Motherhood on Ice: The Mating Gap and Why Women Freeze Their Eggs
Abstract
Why are women freezing their eggs in record numbers? Contrary to media reports, which suggest that women’s career ambitions are the main determinant of women’s fertility preservation, women themselves offer different explanations for their egg freezing. The growing momentum toward this new reproductive technology masks an underlying but little discussed global reality—namely, a mating gap, in which women in the United States and more than half the world’s nations are outperforming men in higher education, resulting in the lack of eligible, educated, and equal partners with whom to pursue marriage and childbearing. Although egg freezing is touted for its “revolutionary” potential, it is a costly technological concession to growing gender inequalities, whereby educated women are “buying time” while experiencing reproductive partnership problems beyond their individual control.
About the Speaker
Prof. Marcia C. INHORN received her PhD in Anthropology from both the University of California, Berkeley and the University of California, San Francisco in 1991. She was a faculty in the University of Michigan and University of Cambridge before joining the Yale University as the William K. Lanman, Jr. Professor of Anthropology and International and Professor in the Whitney and Betty MacMillan Center for International and Area Studies.

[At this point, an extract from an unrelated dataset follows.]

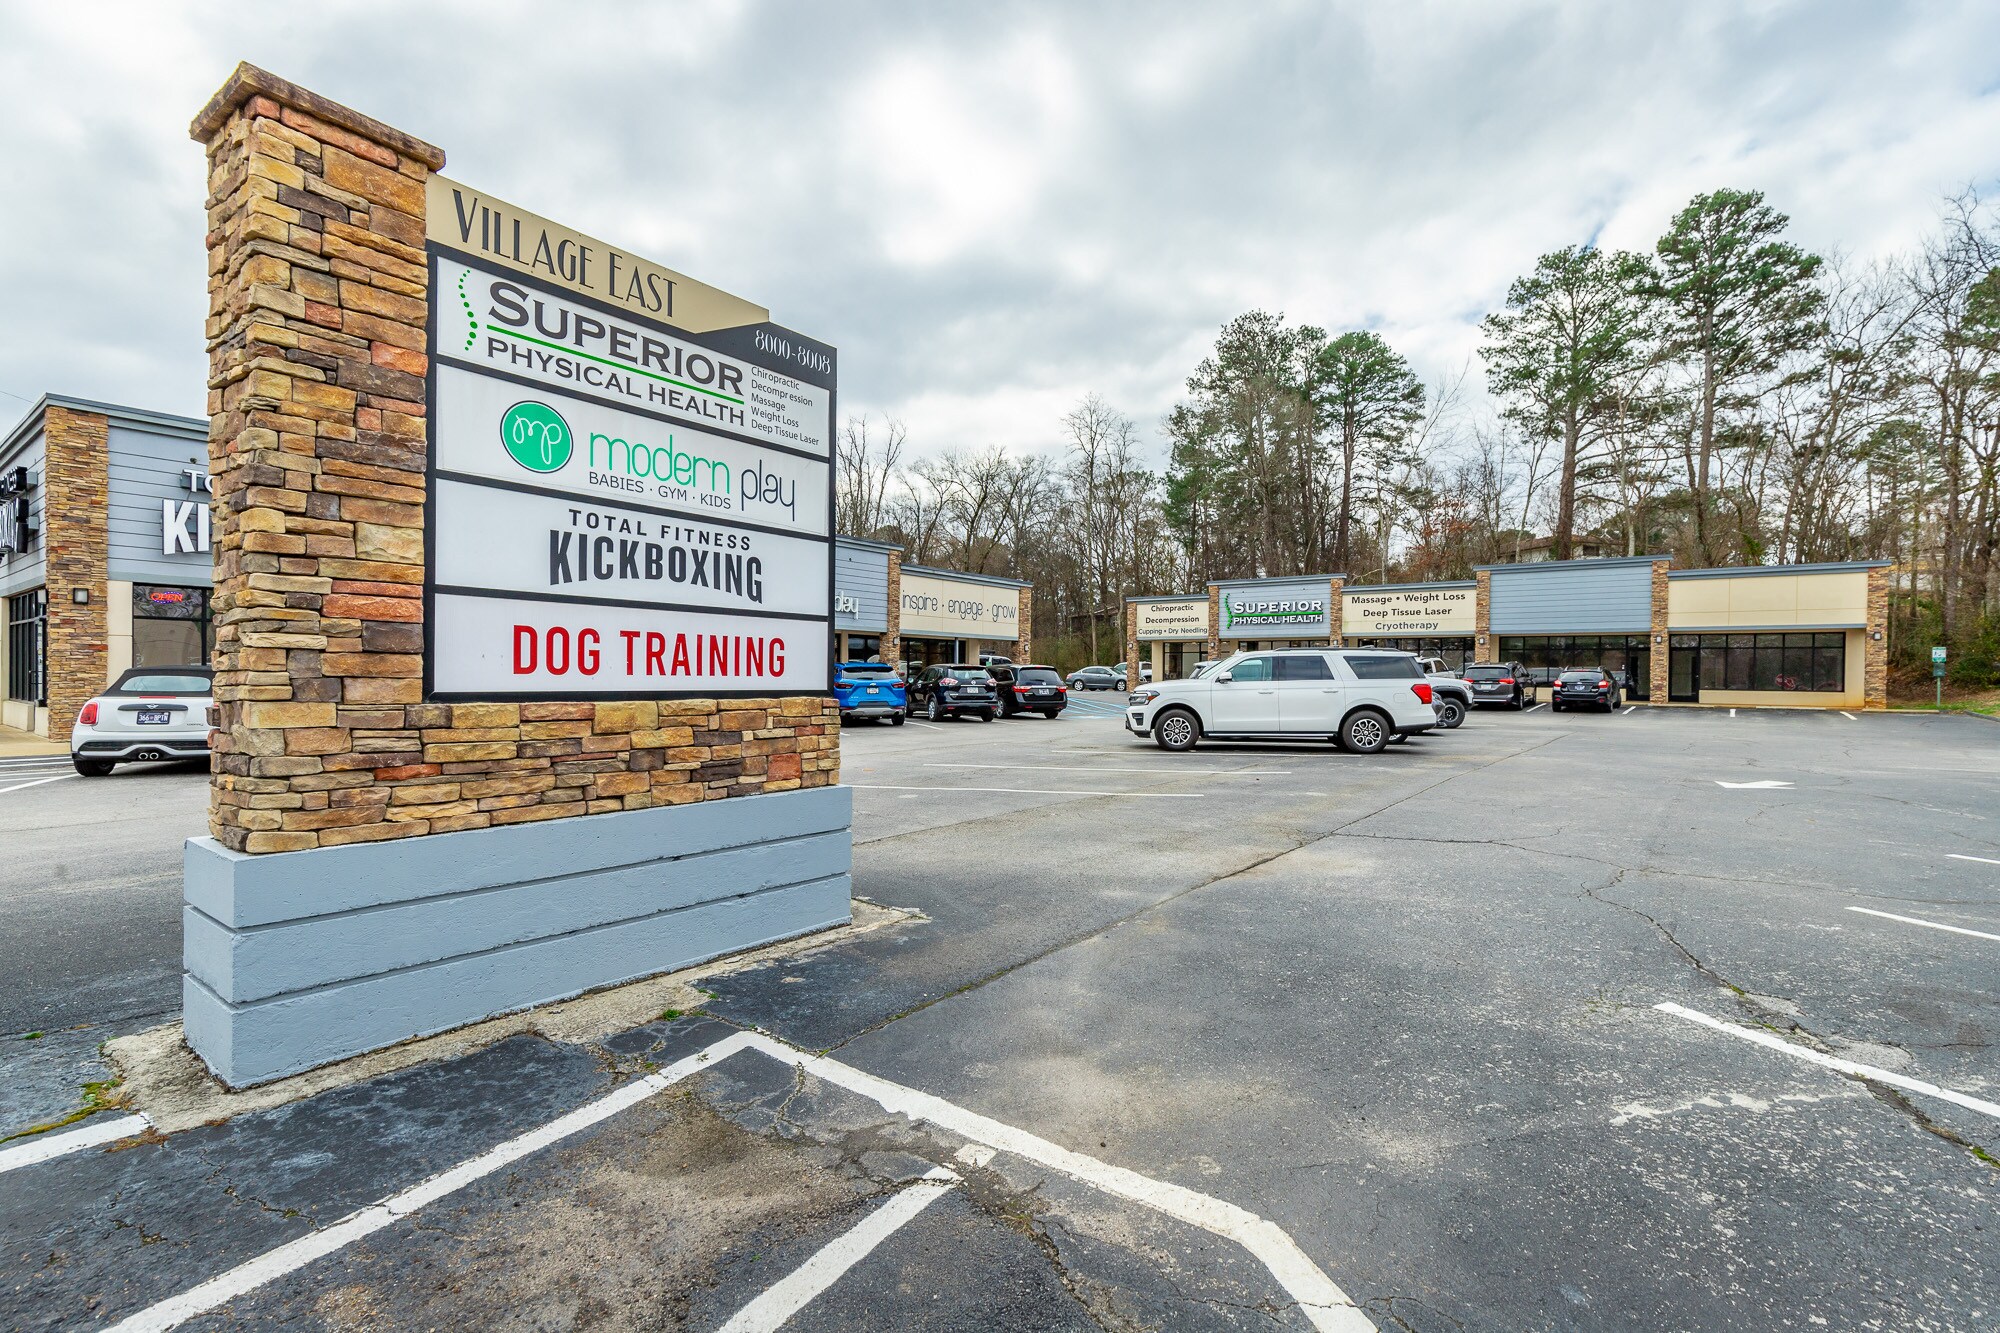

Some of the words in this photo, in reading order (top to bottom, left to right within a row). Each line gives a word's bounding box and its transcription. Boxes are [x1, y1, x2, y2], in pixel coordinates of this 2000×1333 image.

A medical anthropologist specializing in gender, technology, and reproductive health issues, Prof. Inhorn has conducted research on the social impact of infertility and assisted reproductive technologies in the Middle East (Egypt, Lebanon, the United Arab Emirates) and Arab America over the past 40 years. She is the author of six award-winning books on the subject, including The New Arab Man: Emergent Masculinities, Technologies, and Islam in the Middle East (2012). Her latest book, Motherhood on Ice: The Mating Gap and Why Women Freeze Their Eggs (2023), is based on a US National Science Foundation study of 150 American women who froze their eggs. She is also the co-editor of fourteen books, including The New Reproductive Order: Technology, Fertility, and Social Change around the Globe (2025).